Good G1 result, was: G1 issue: falling over to Full GC

Wed Nov 14 07:01:52 PST 2012

For those who may be interested ....

A little trick you can use in looking at G1 pause time stuff in GChisto .... if you parse the GC logs and grab the timestamp or datestamp, the type of stop the world pause and the duration for each GC event, you can load these in GChisto[1] as a "Simple GC Log", (lower left hand corner of GChisto there is a dropbox where you can set that option).

So, the parsed output looks something like this for G1:
YoungGC 10243.416 0.14423000
YoungGC 10247.089 0.15201100
InitialMarkGC 10249.273 0.14927300
RemarkGC 10250.839 0.1071420
CleanupGC 10250.948 0.0116570
YoungGC 10253.459 0.17408200
MixedGC 10255.392 0.18000200

*Note, the type of (stop the world) GC comes first, then the timestamp and then the duration.  For G1, the possible stop world GC pauses are;  young, initial-mark, remark, clean up, mixed gc, to-space overflow and Full.  The actual text in the log may not exactly match what I've listed here though.

And, the above can be loaded directly into GChisto as a "Simple GC Log".

If you are well versed in awk or perl, you can probably hack something together pretty quickly. ;-)

charlie ...

[1] - GChisto - http://java.net/projects/gchisto --- you'll need to grab the source and build it.

On Nov 13, 2012, at 6:36 AM, Andreas Müller wrote:

Hi Monica,

thank you for replying and the link to the presentation.

In the gauge given in that presentation, throughput was 98,7% with ParallelGC and about 92,9% with G1.
That seems very much in-line with targets for both collectors given in that same presentation (99% vs 90%).
I usually rather consider the GC overhead which is 100%-98,7%=1,3% for ParallelGC and 100%-92,9%=7,1% and thus end up with my factor of 5,5=7.1/1.3.
This was on a 4-CPU machine with SPARC64 V CPUs at 1100 MHz in a loadtest environment.
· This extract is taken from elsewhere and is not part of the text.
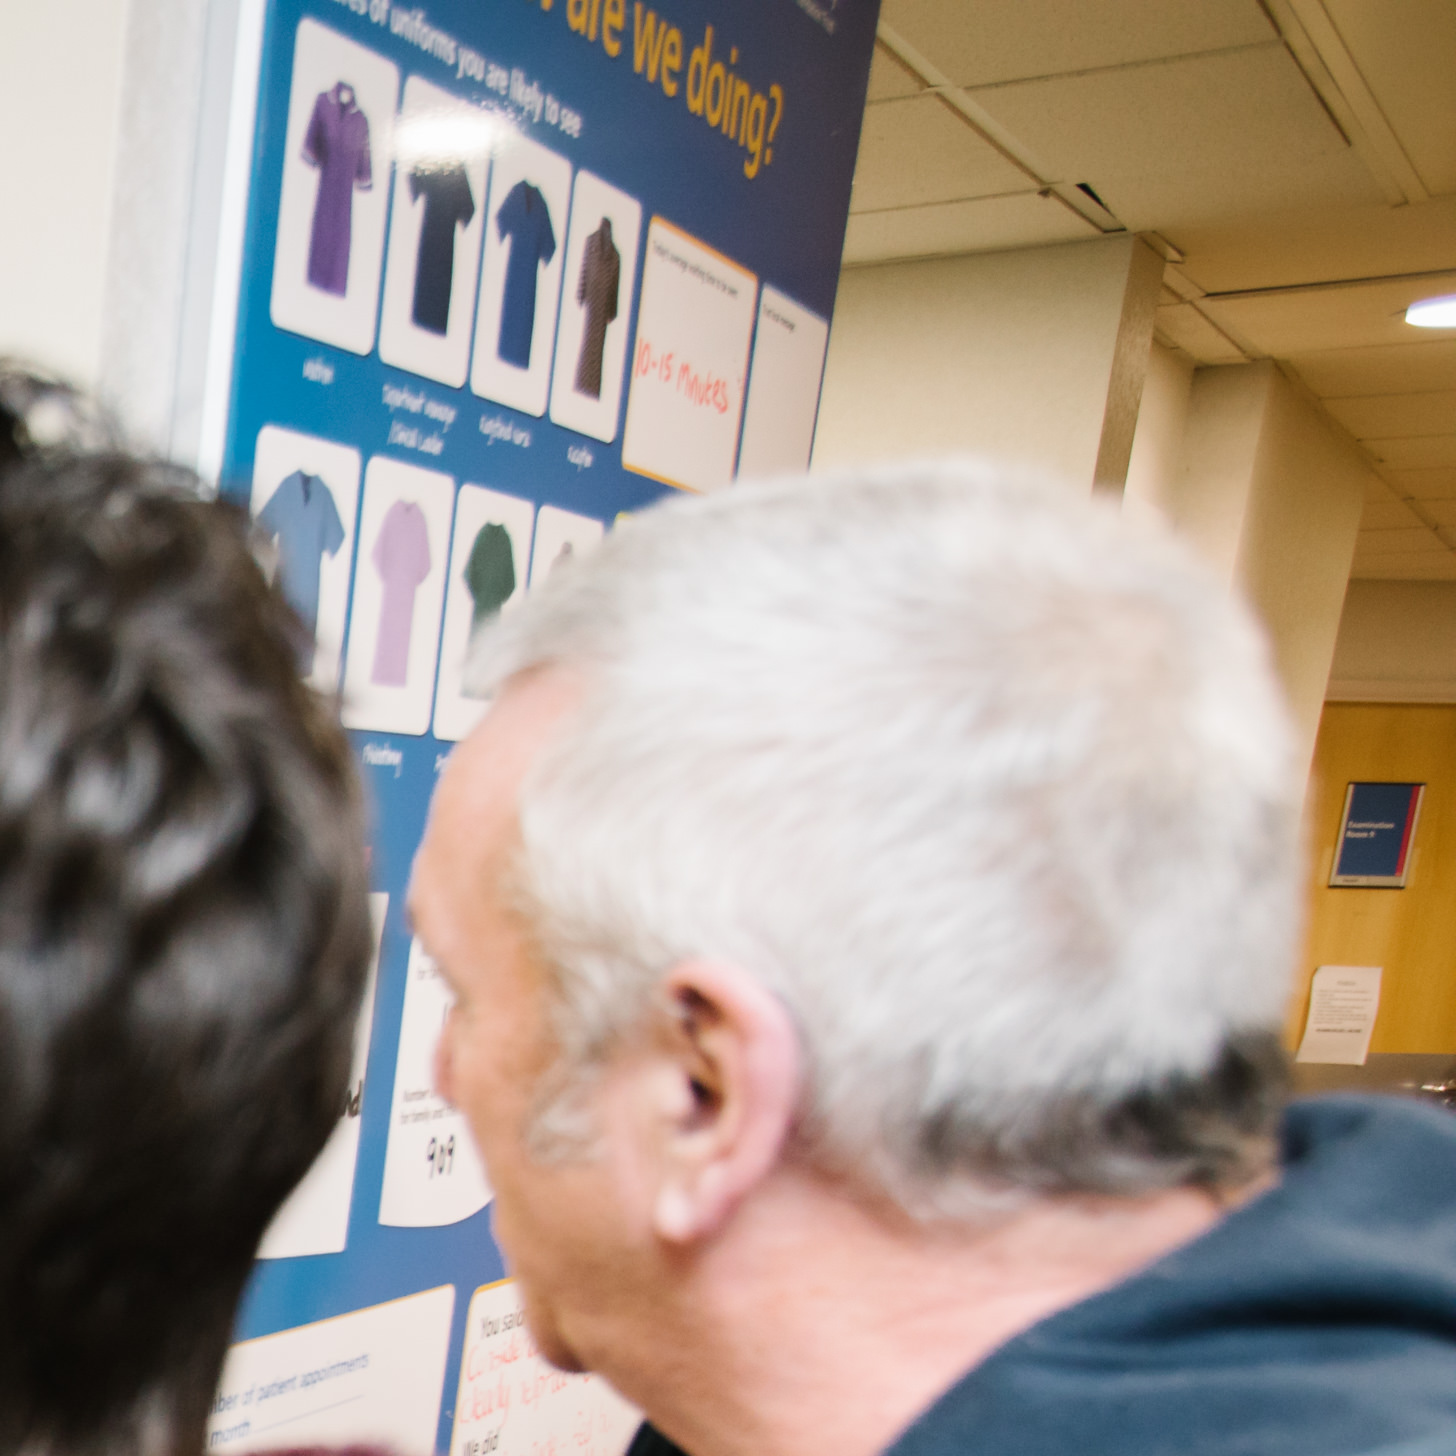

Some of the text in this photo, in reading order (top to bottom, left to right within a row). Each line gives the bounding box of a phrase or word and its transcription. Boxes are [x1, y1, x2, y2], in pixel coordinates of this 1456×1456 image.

Production runs on 8x SPARC64 V at 1800 MHz and will be migrated to a T3 at 1650 MHz in the next months.

I would be happy to mail you the gc logs if of interest but they are rather straighforward in this case as everything worked smoothly and targets were met.
I would happily send you the gc logs for the less stable case (where I fixed NewSize and SurvivorRatio to the values optimized for ParallelGC) for analysis. But as my tool cannot parse the very verbose output of -XX:+PrintGCDetails for G1 yet, these logs are short and will probably not give you enough details to understand where the pause time fluctuations came from. But anyway, if you are interested, I will send them both to you but not to the mailing list (they are bulky >>100kB).

Bets regards
Andreas

________________________________

Von: Monica Beckwith [monica.beckwith at oracle.com<mailto:monica.beckwith at oracle.com>]
Gesendet: Dienstag, 13. November 2012 14:52
An: Andreas Müller
Cc: 'hotspot-gc-use at openjdk.java.net<mailto:hotspot-gc-use at openjdk.java.net>' (hotspot-gc-use at openjdk.java.net<mailto:hotspot-gc-use at openjdk.java.net>); Peter.Kessler at oracle.com<mailto:Peter.Kessler at oracle.com>
Betreff: Re: Good G1 result, was: G1 issue: falling over to Full GC

Hi Andreas,
Thank you for updating to a newer jdk7 for your testing with G1GC. I read your email but haven't yet looked at your data. I wanted to quickly highlight one point and then share a J1 presentation link -

 1.  The default value for MaxGCPauseMillis is 200ms. You can check that with -XX:PrintFlagsFinal and grepping on "MaxGCPause".

                 "java version "1.7.0_09"
                Java(TM) SE Runtime Environment (build 1.7.0_09-b05)
                Java HotSpot(TM) Server VM (build 23.5-b02, mixed mode)
                uintx MaxGCPauseMillis                          = 200             {product}"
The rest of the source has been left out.